→ Task directions
Keep the images out while you set down the data exactly.
━━━━
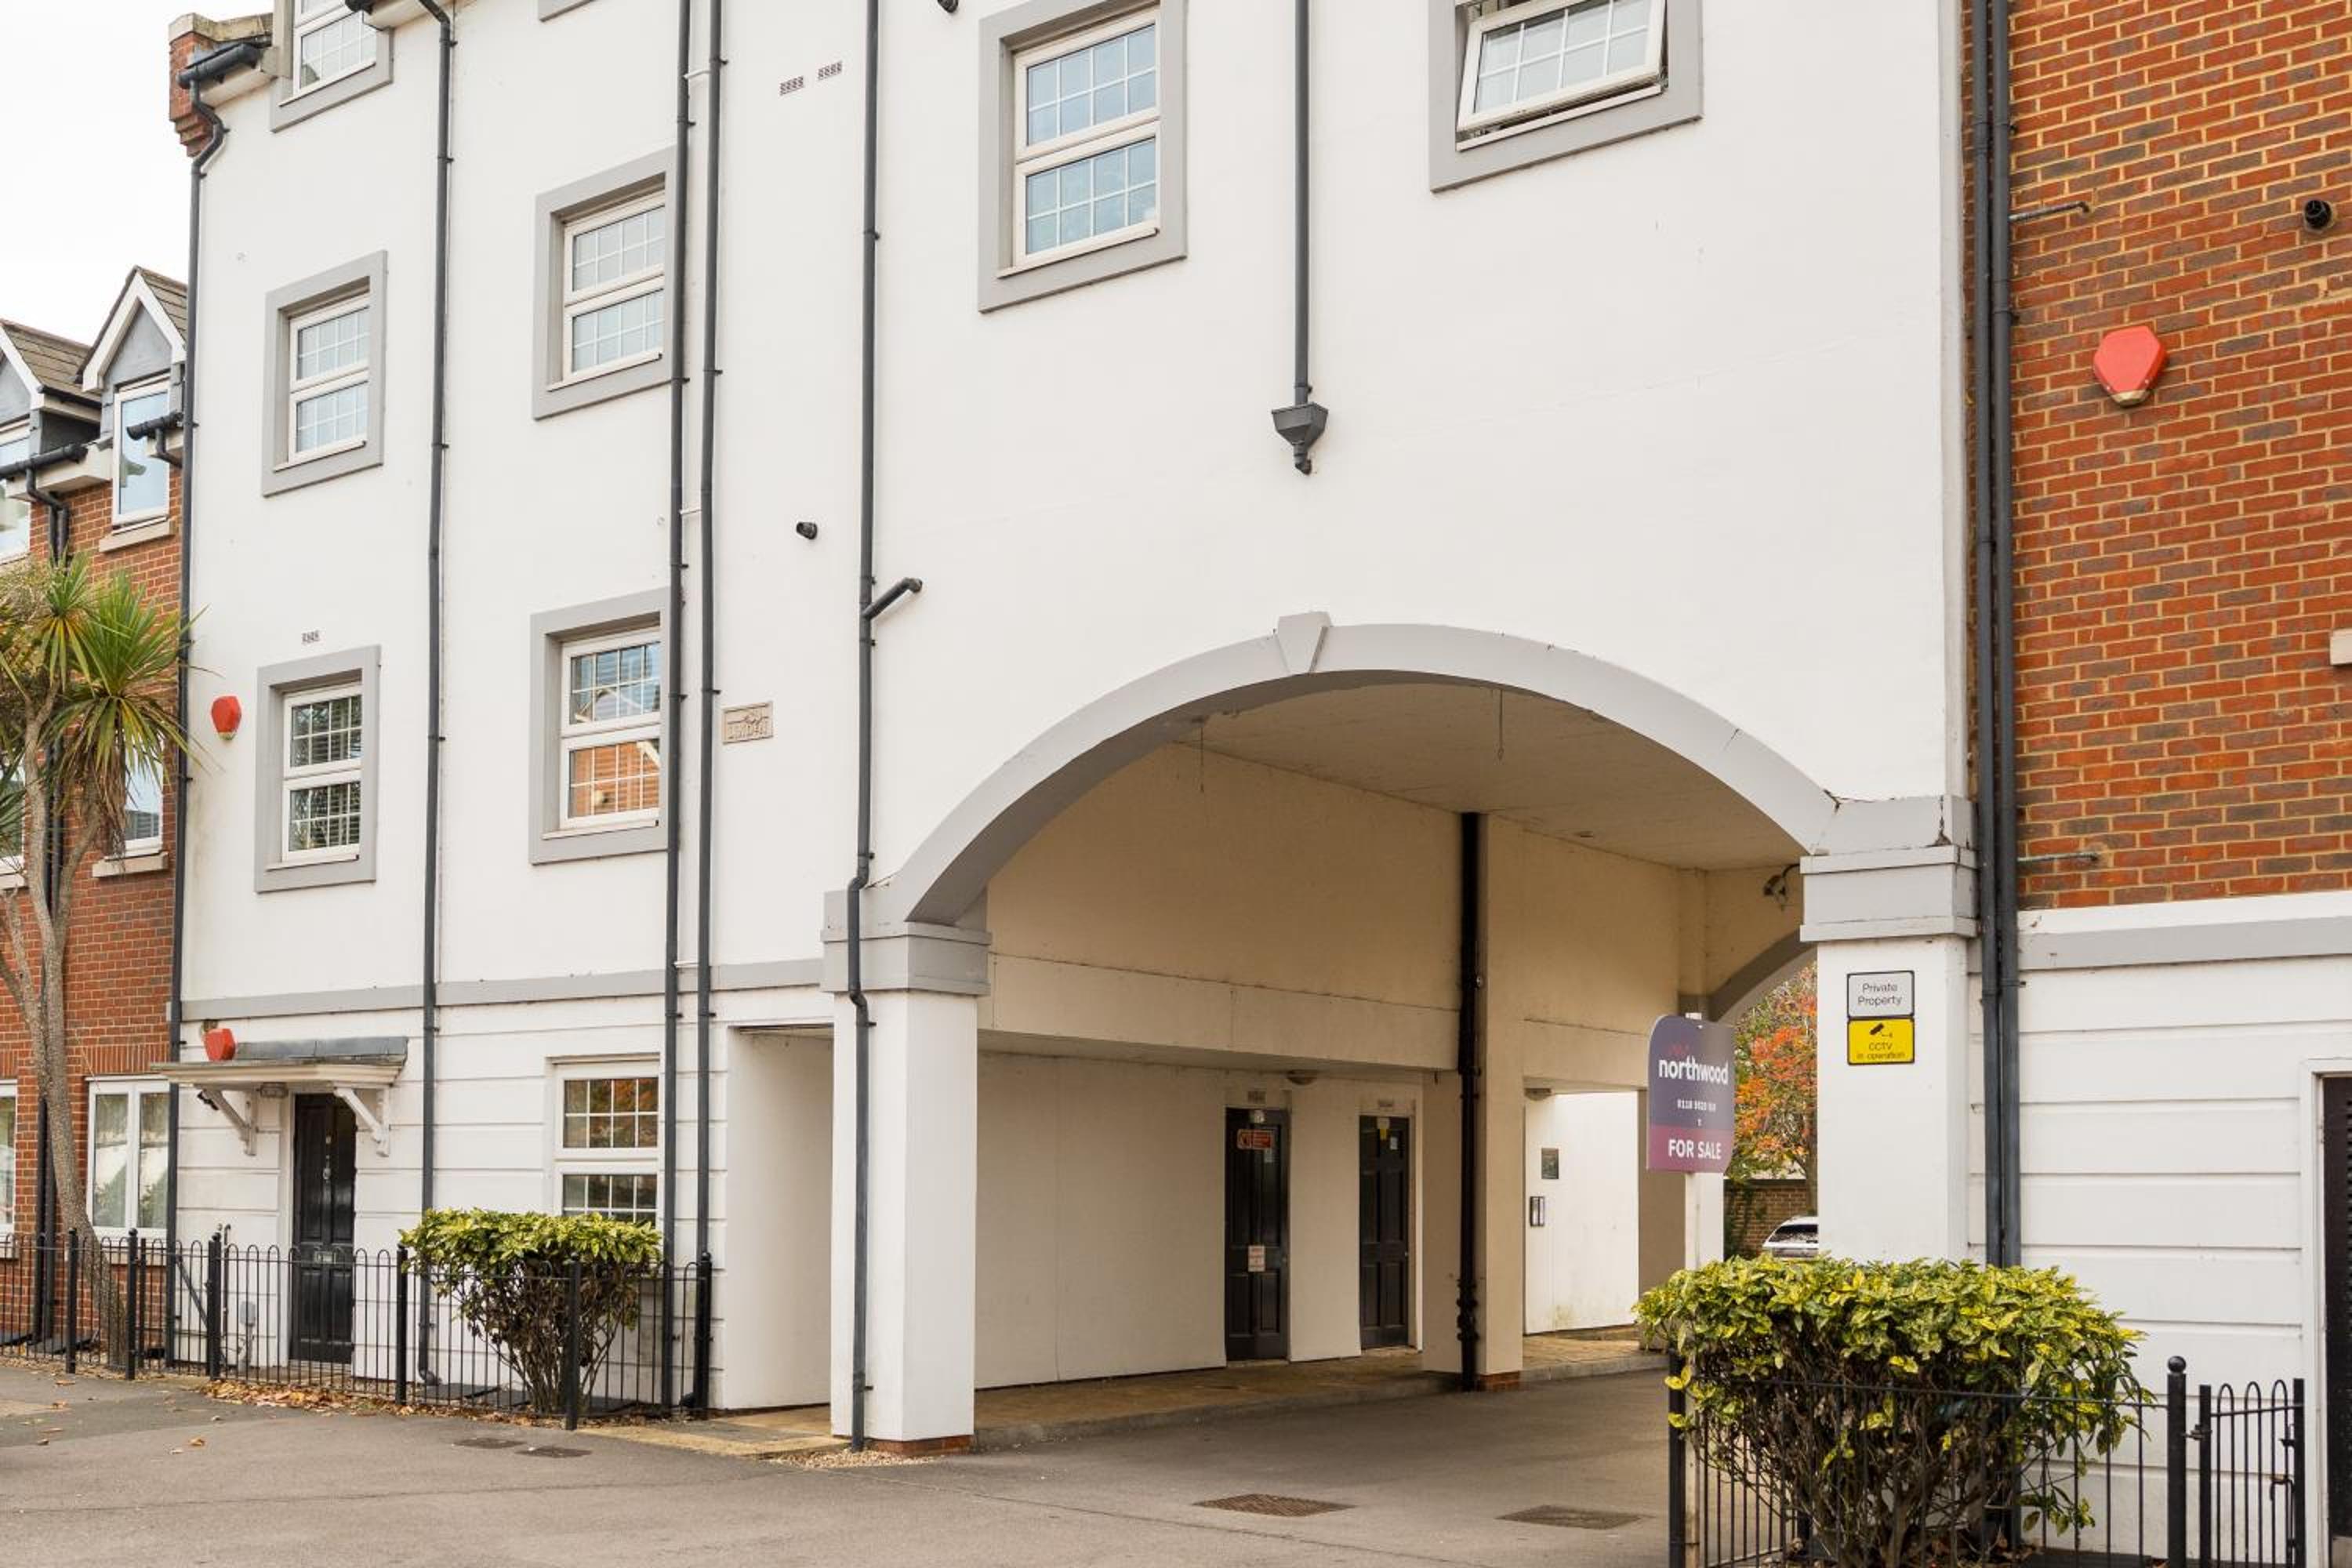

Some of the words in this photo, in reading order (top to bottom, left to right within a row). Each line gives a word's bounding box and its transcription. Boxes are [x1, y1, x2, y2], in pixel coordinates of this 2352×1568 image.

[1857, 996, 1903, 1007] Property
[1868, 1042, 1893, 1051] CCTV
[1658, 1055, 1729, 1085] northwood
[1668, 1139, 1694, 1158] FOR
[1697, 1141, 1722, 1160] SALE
━━━━
→ Written response
Some of the words in this photo, in reading order (top to bottom, left to right within a row). Each line gives a word's bounding box and its transcription. Boxes are [x1, y1, x2, y2], in pixel coordinates of this 2352×1568 image.

[1857, 996, 1903, 1007] Property
[1868, 1042, 1893, 1051] CCTV
[1658, 1055, 1729, 1085] northwood
[1668, 1139, 1694, 1158] FOR
[1697, 1141, 1722, 1160] SALE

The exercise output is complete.